5 Years Ago (2009): I wrote about the 246 and Counting exhbit, which had closed the previous Sunday at the San Francisco Museum of Modern Art. By my rough estimate, exactly one of those 246 pieces had sound. It was by Diller + Scofidio. … I wrote about my experience at a Richie Hawtin concert in Chiba outside Tokyo the month prior, and I reflected on how cellphones had changed raves. (The photo here was shot at an outdoor mall near the Makuhari Messe, where the concert was held.) … I made a list of 11 things I wished at the time that my fifth-generation (“classic”) iPod could do. It’s kinda sad how few of them were ever implemented. … There was a review of Monolake’s Atom/Document album. … The image of the week was of a “recording studio as art installation” by Robert Kusmirowski. … The quote of the week was RZA talking about the late Isaac Hayes: “One Isaac Hayes song has made over 20 hip-hop songs. Look at ‘Walk On By.’ It’s a nice three-minute song by Dionne Warwick, but when Isaac got ahold of it, it became soulful, pimp-daddy, ride-in-your-car, lean-back, 12-minute song, restructured with organs and a flute.” … And the Downstream entries for the week included one-song hip-hop/r&b mash-ups by Y?Arcka, funk hidden by Hiroshi Kumakiri in squelchy noise, cello-tronic wonderment by Ted Laderas (aka the Ooray), material from Taylor Deupree’s “one sound each day” project, and quiet noise from Baraclough.

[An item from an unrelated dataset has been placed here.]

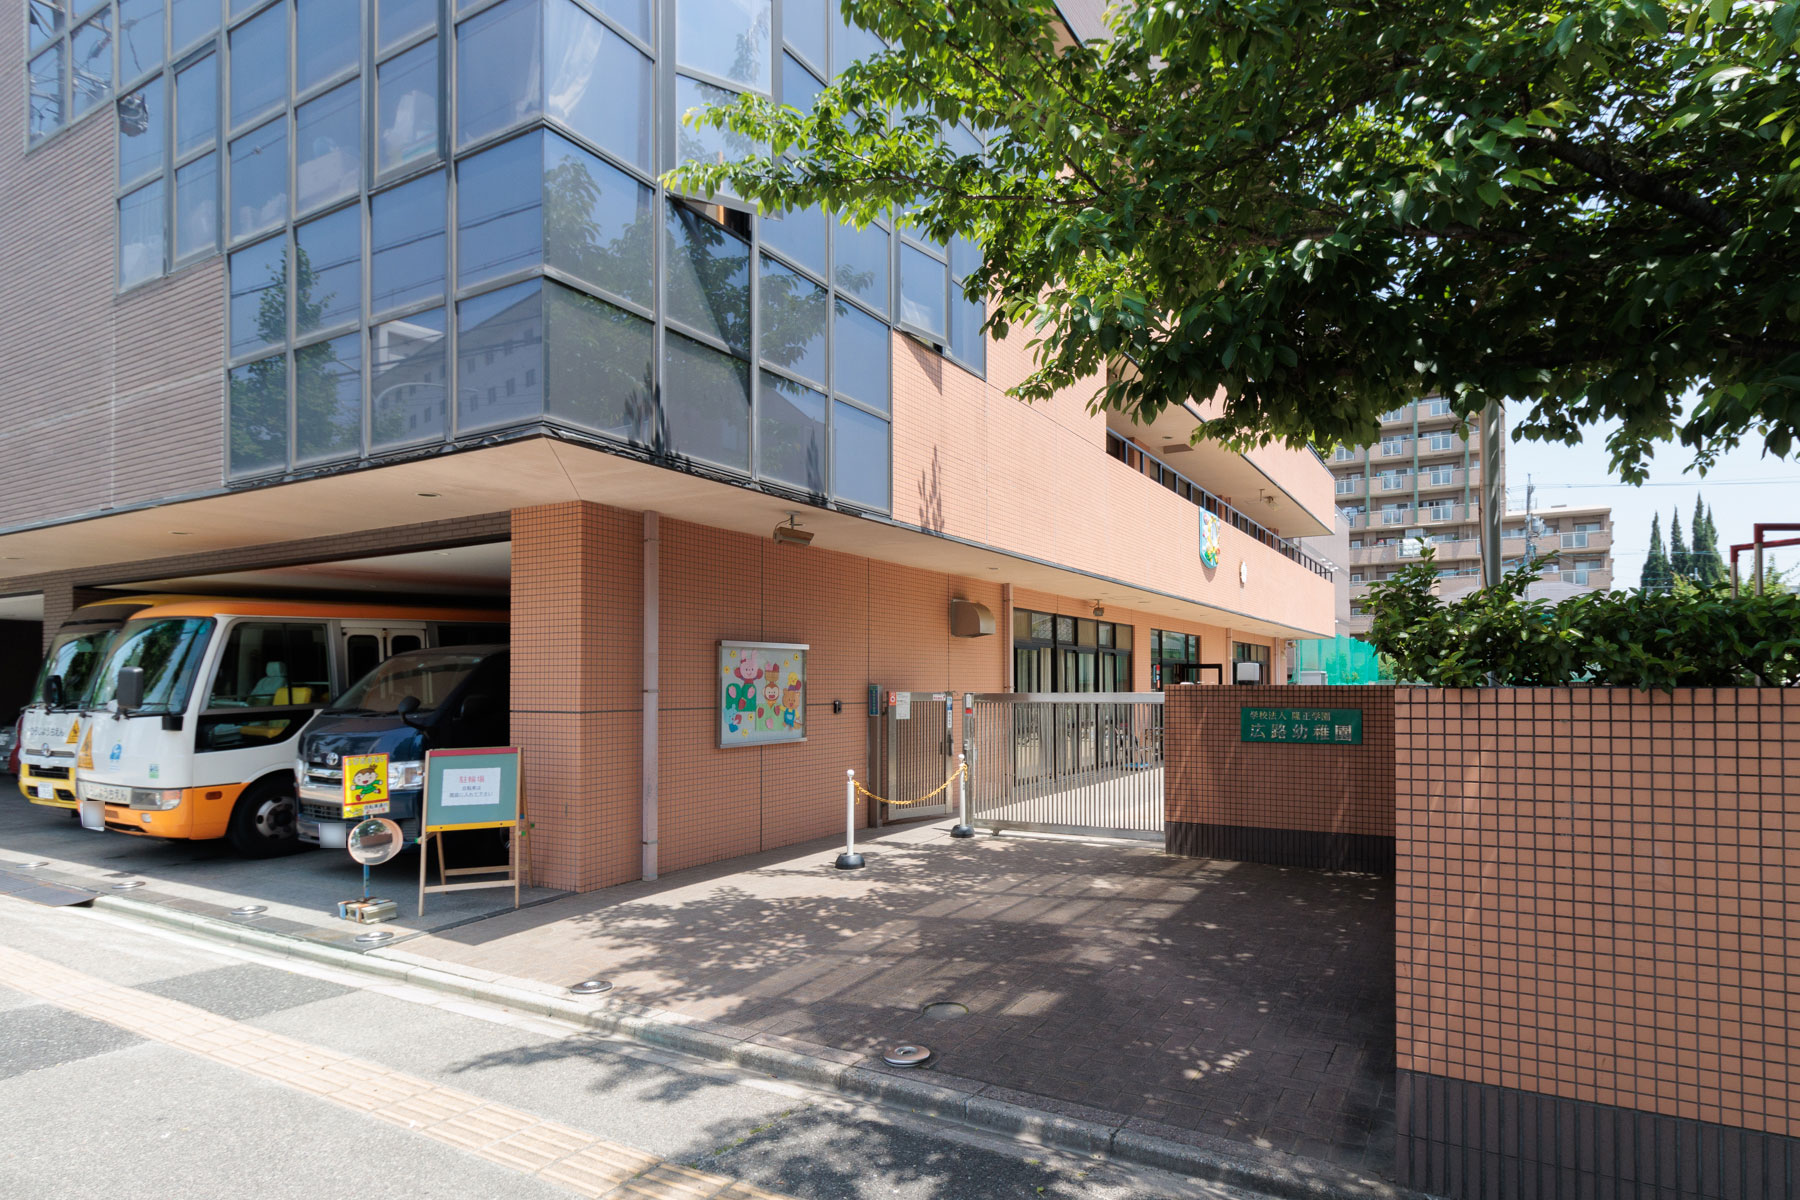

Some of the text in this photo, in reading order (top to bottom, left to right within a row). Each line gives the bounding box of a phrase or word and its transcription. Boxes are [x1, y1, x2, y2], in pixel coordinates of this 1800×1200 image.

[1250, 723, 1352, 742] 広路幼稚園

10 Years Ago (2004): This week I posted a lengthy interview (“The Organization Musician”) with Robert Henke, aka Monolake. I posted the transcript along with the profile article, written for the magazine e|i, that had resulted from it. … The quote of the week was from a lyric sung-spoke by Cake’s John McCrea on “The Headphonist,” a song off the Mexican rock band Kinky’s then new album, Atlas:




At this moment, I’m listening to a very, very quiet song / I’m walking alone again, with my headphones on again … sometimes it seems like everything I see has a sound and if it does — what is the shape of silence?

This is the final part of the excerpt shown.